(Phrase grounding data)
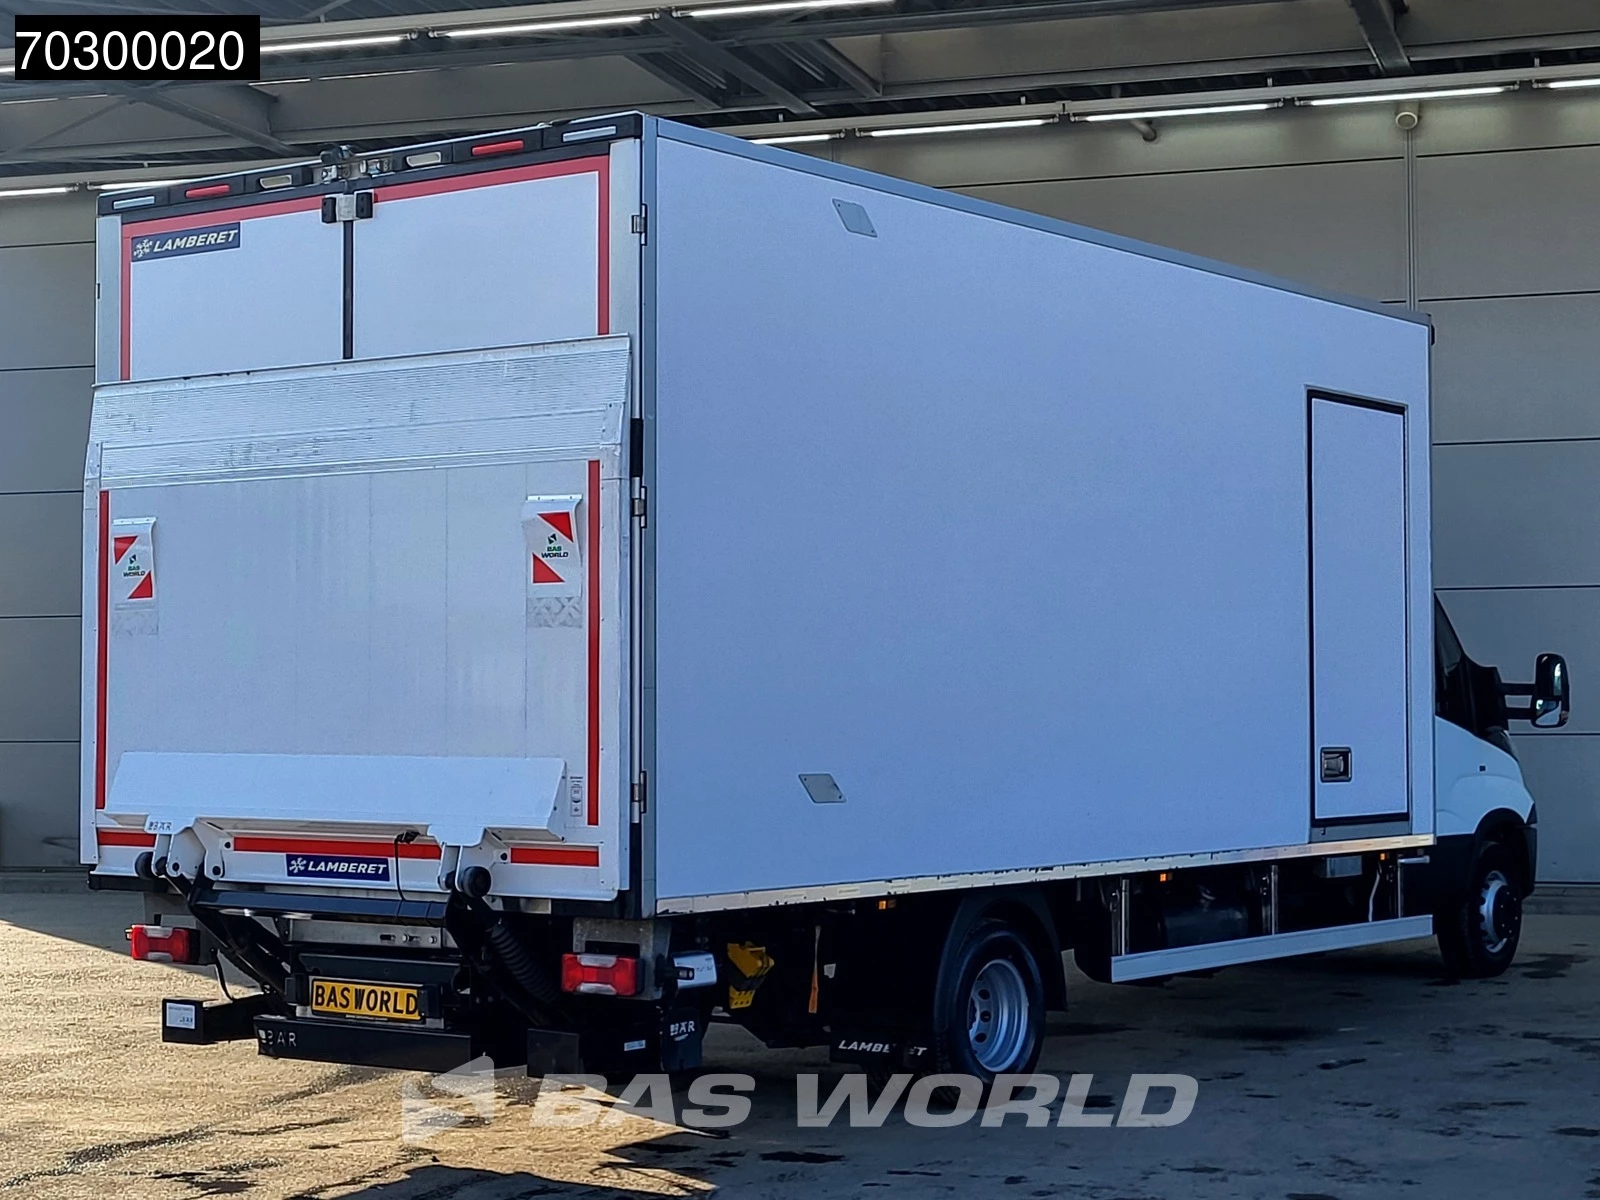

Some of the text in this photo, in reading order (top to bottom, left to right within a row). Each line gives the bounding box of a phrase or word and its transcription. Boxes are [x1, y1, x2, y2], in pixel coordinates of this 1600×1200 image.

[153, 229, 239, 252] LAMBERET
[307, 860, 387, 875] LAMBERET
[314, 984, 418, 1015] BAS WORLD
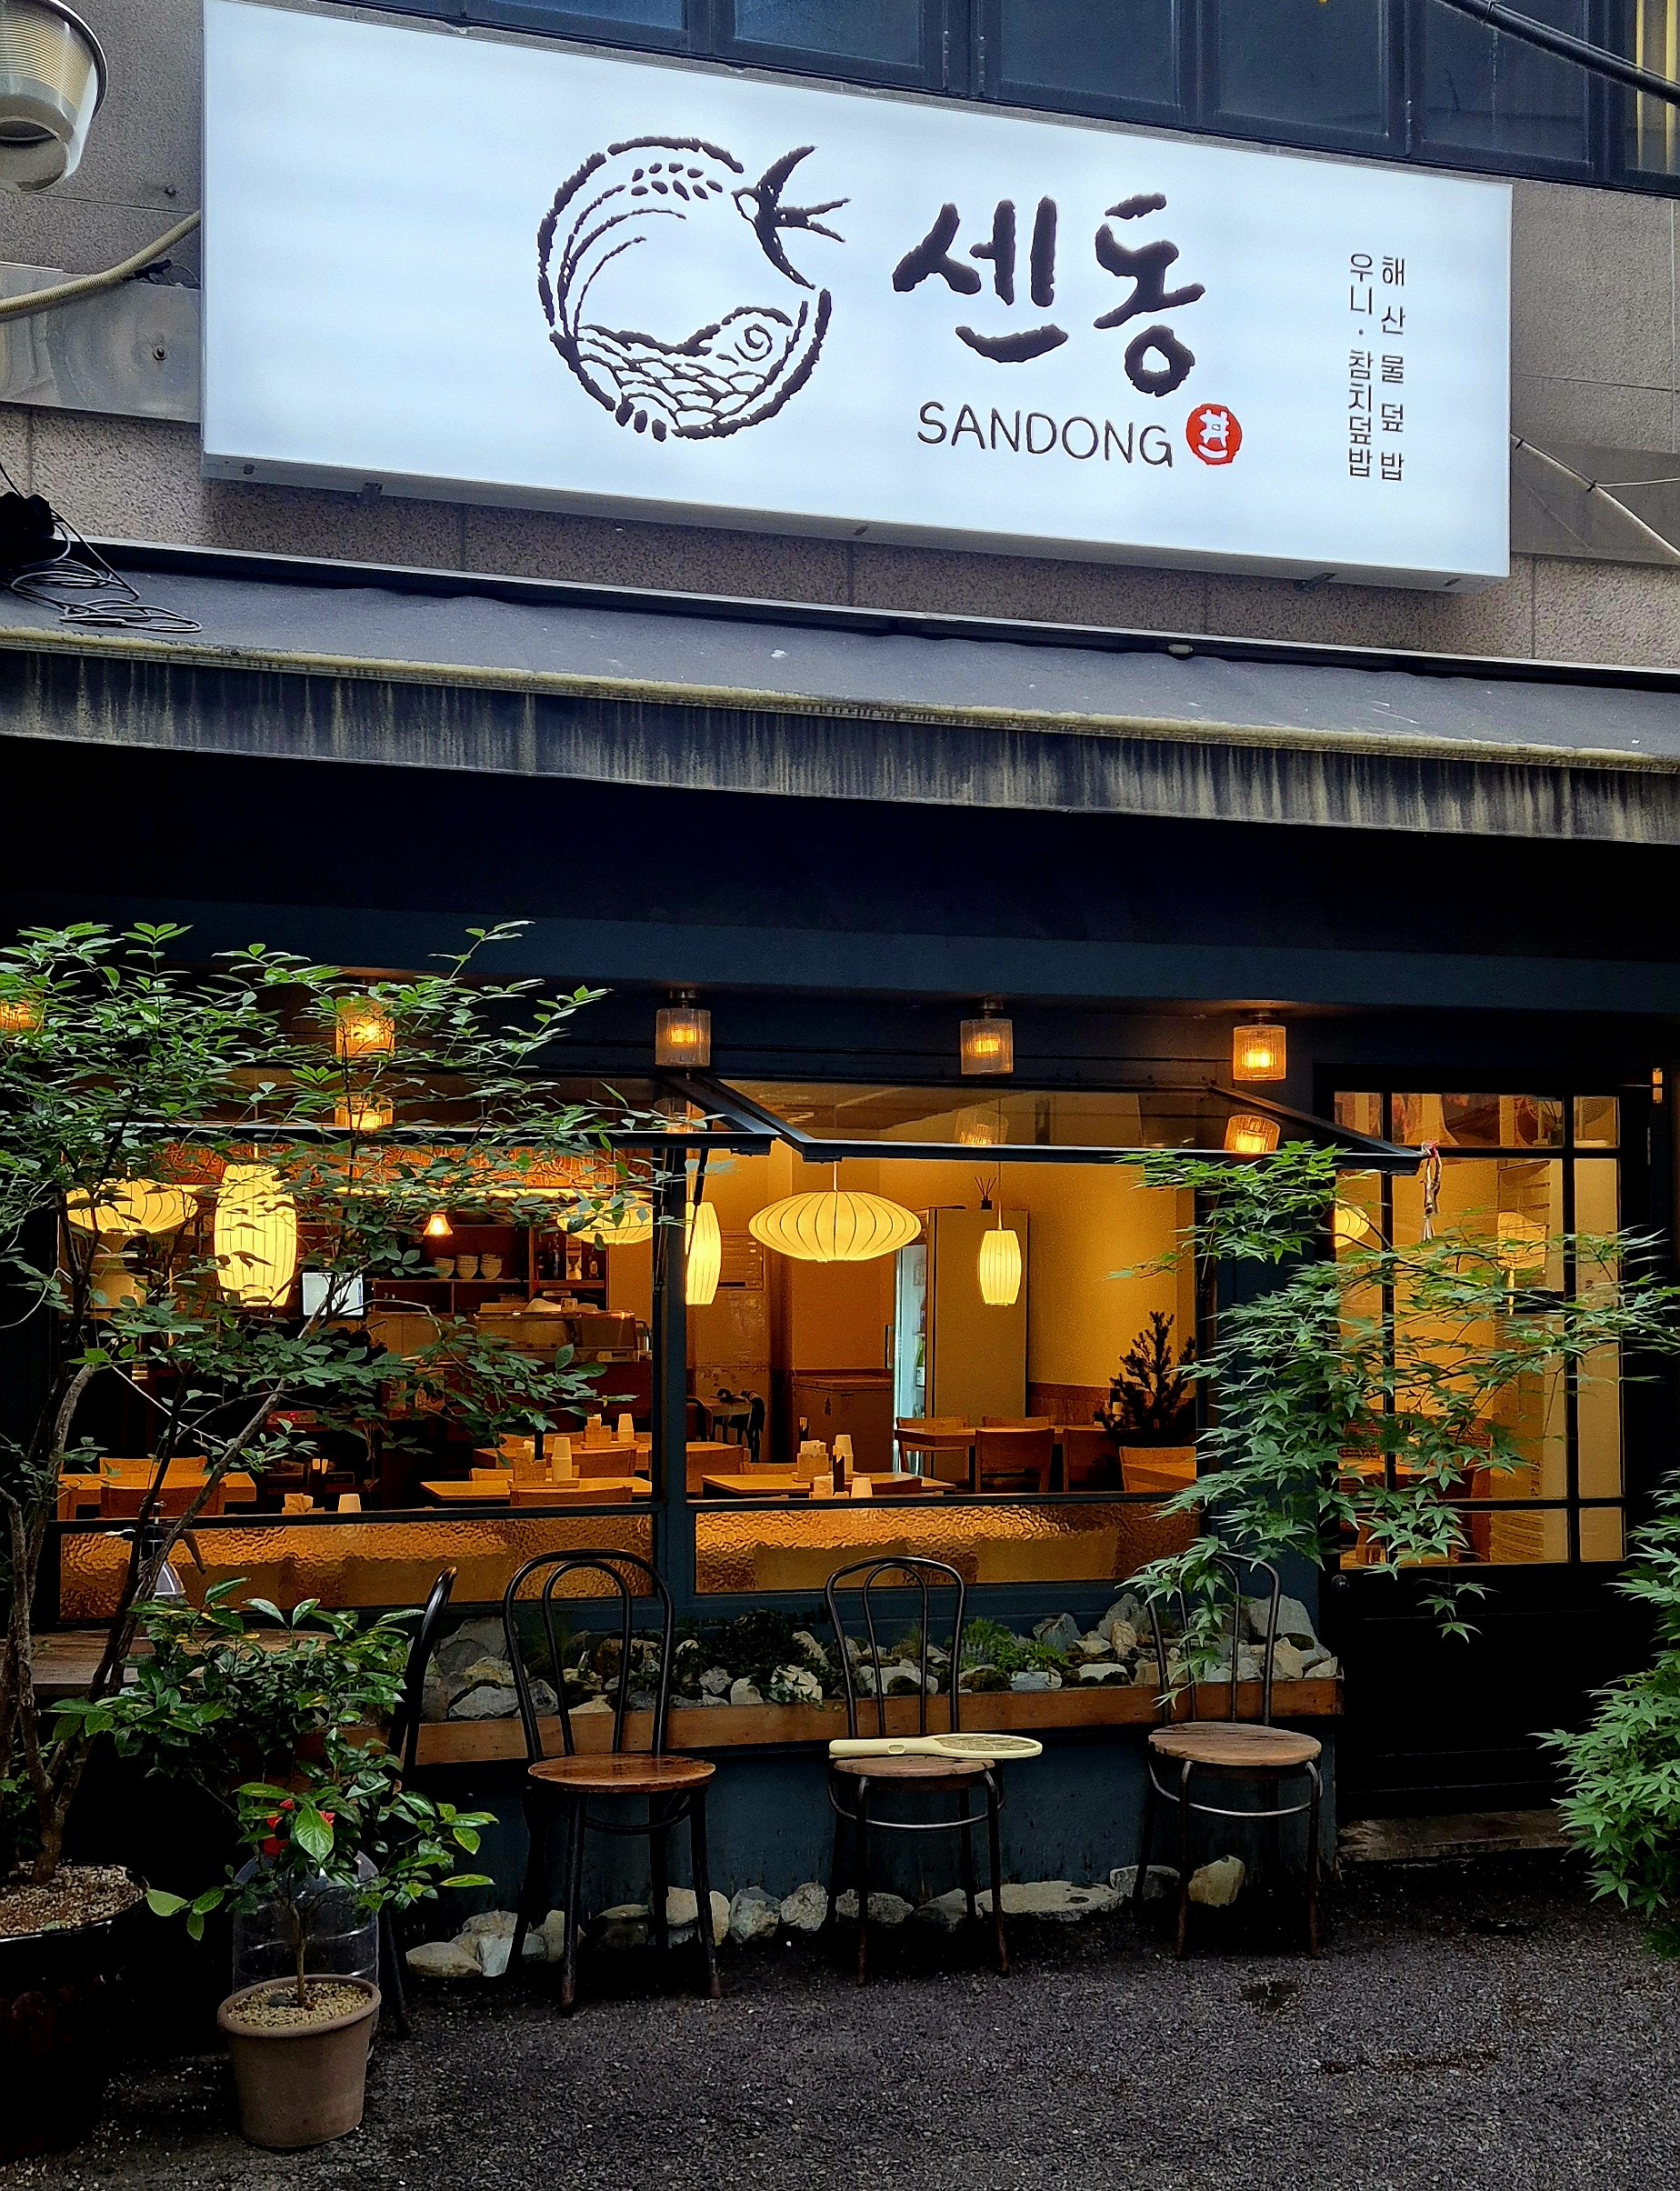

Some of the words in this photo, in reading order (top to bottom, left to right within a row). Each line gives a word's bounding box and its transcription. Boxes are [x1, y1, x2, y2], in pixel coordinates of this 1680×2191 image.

Work to be completed: Your copy should hold every entry exactly as written, but none of the pictures.

Response area:
Some of the text in this photo, in reading order (top to bottom, left to right within a row). Each line gives the bounding box of a phrase or word and its transcription. Boxes are [x1, y1, x2, y2], in pixel coordinates of this 1600×1200 image.

[153, 229, 239, 252] LAMBERET
[307, 860, 387, 875] LAMBERET
[314, 984, 418, 1015] BAS WORLD

Some of the words in this photo, in reading order (top to bottom, left to right within a row). Each line gives a word's bounding box and its transcription. Boxes are [x1, y1, x2, y2], in pixel coordinates of this 1680×2191 image.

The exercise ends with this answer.